Luke Harding 

Ukraine: The Forging of a Nation review – the perennial fight against domination by Moscow

A bestseller in his homeland, Ukrainian historian Yaroslav Hrytsak’s vivid, sweeping book lays bare the enduring pride that persuaded his countrymen to resist Russian aggression and offers grounds for hope
  
  

Ukraine in 2018, four years before the country was invaded by Russia
Ukraine in 2018, four years before the country was invaded by Russia. Photograph: krblokhin/Getty Images/iStockphoto

On 24 February 2022, Russian tanks entered Ukraine from Belarus. Their goal was to seize Kyiv. Armoured columns moved openly, trundling through a landscape of forest and swamp. The Kremlin assumed a quick victory. The plan came dramatically unstuck in Bucha, a pleasant commuter town 15 miles from the Ukrainian capital.

A group of volunteers took to the barricades. They included a musician from an academic orchestra, a family therapist who taught Argentine tango, a recreational hunter and a gas station attendant. Over four weeks these civilians held off the mighty Russian army. They used bulldozers to build defences and warmed themselves around a fire in a bombed-out building.

As Yaroslav Hrytsak points out, no one told the volunteers to fight.

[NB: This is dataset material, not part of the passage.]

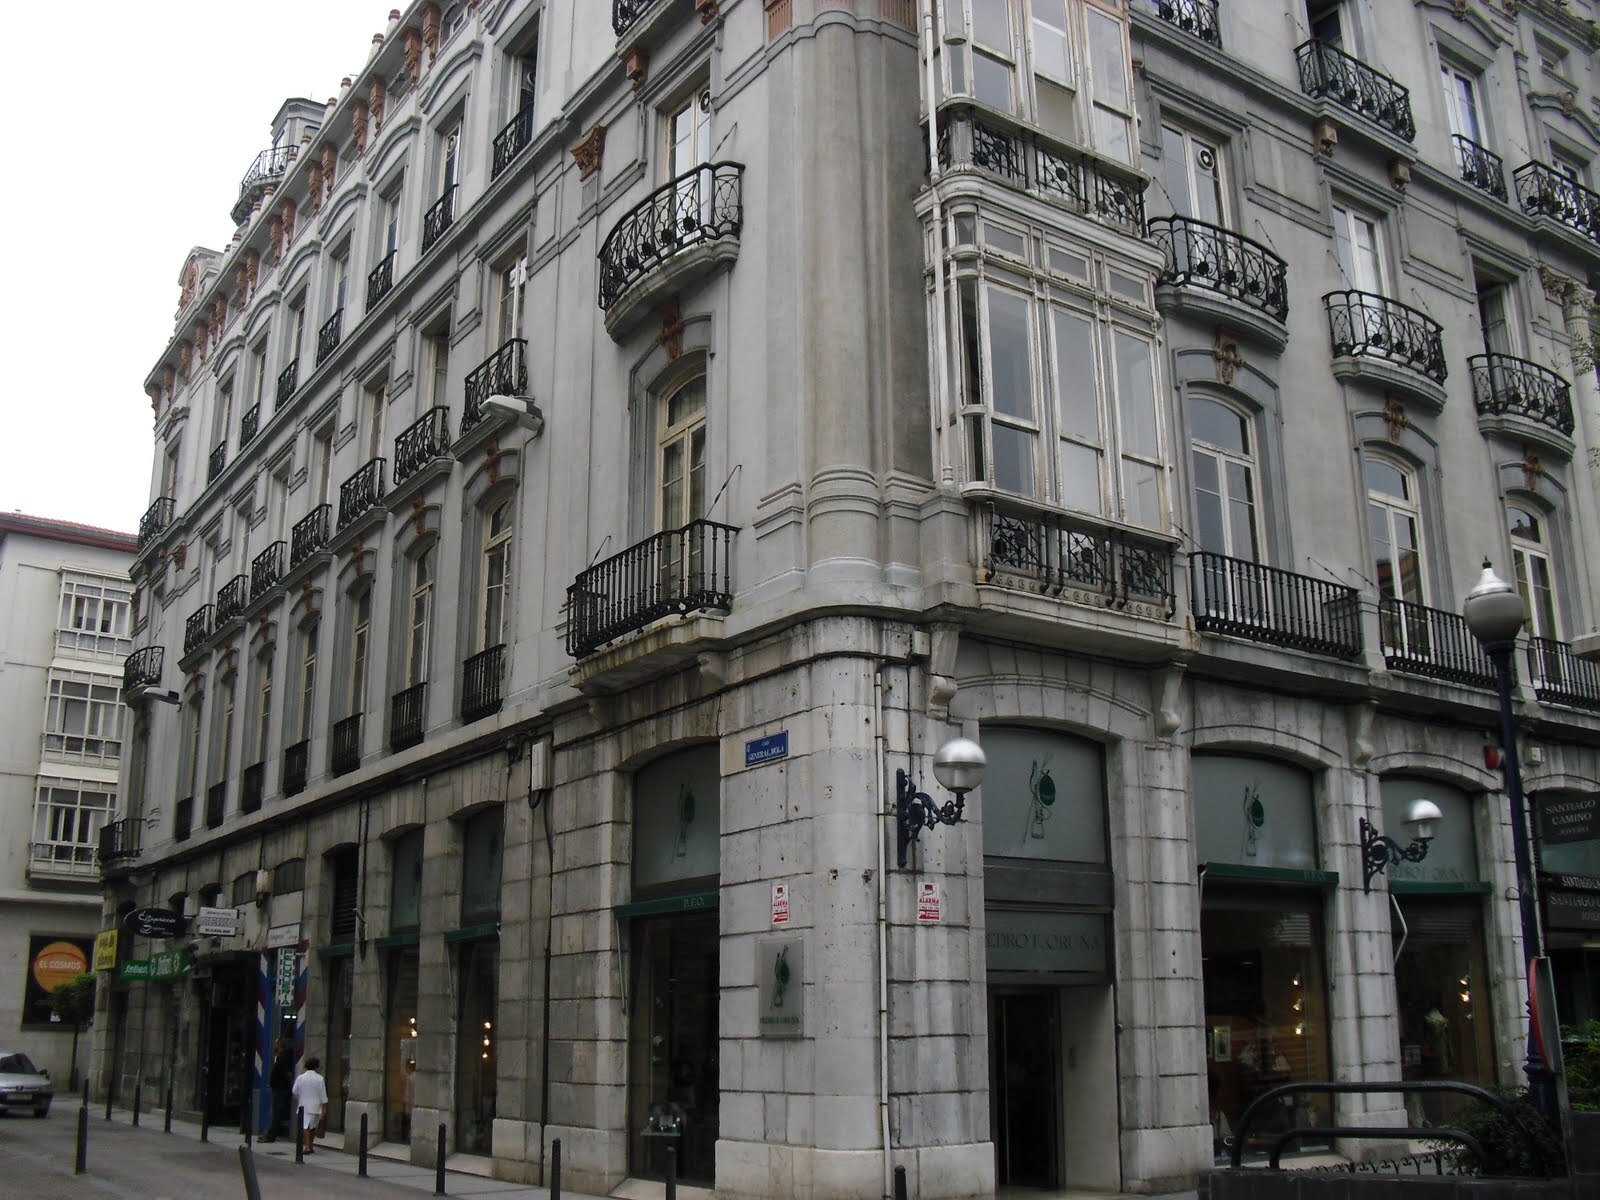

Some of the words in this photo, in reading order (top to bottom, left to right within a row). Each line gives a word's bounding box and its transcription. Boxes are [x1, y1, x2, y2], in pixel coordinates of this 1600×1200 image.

[1545, 800, 1596, 815] SANTIAGO
[1551, 811, 1592, 825] CAMINO
[1562, 875, 1592, 888] SANTIAGO
[49, 960, 81, 970] COSMOS

Similar acts of grassroots resistance took place in other Ukrainian towns and cities in response to Russia’s sweeping invasion. “All Ukraine was seized with a spirit of initiative,” he writes. This spontaneous behaviour was in striking contrast to the passive Russians, who waited for orders.

Hrytsak is a liberal historian, intellectual and professor. He teaches at the Ukrainian Catholic University in Lviv. His book Ukraine: The Forging of a Nation is a bestseller at home and was published a few months before Vladimir Putin’s all-out attack. It puts Ukraine’s past – “permeated with violence”, but with grounds for optimism as well – in a global context.

Why, Hrytsak asks, did Ukraine fight back? He likens its struggle against Russia’s imperial machinations to the Greco-Persian wars. An alliance of democratic Greek city states successfully resisted and defeated the bigger Persian empire. Like Herodotus, the father of history who wanted to understand the causes of Greek resilience, Hrytsak roams freely, hopping from era to era.

He considers Columbus’s discovery of America in 1492, European Romanticism and the invention of the modern state in the 19th century. He also examines Ukraine’s perennial fight against domination by Moscow. Its leaders include the Cossacks; Ukrainian nationalist groups during the second world war; and a 1960s dissident movement of poets and journalists.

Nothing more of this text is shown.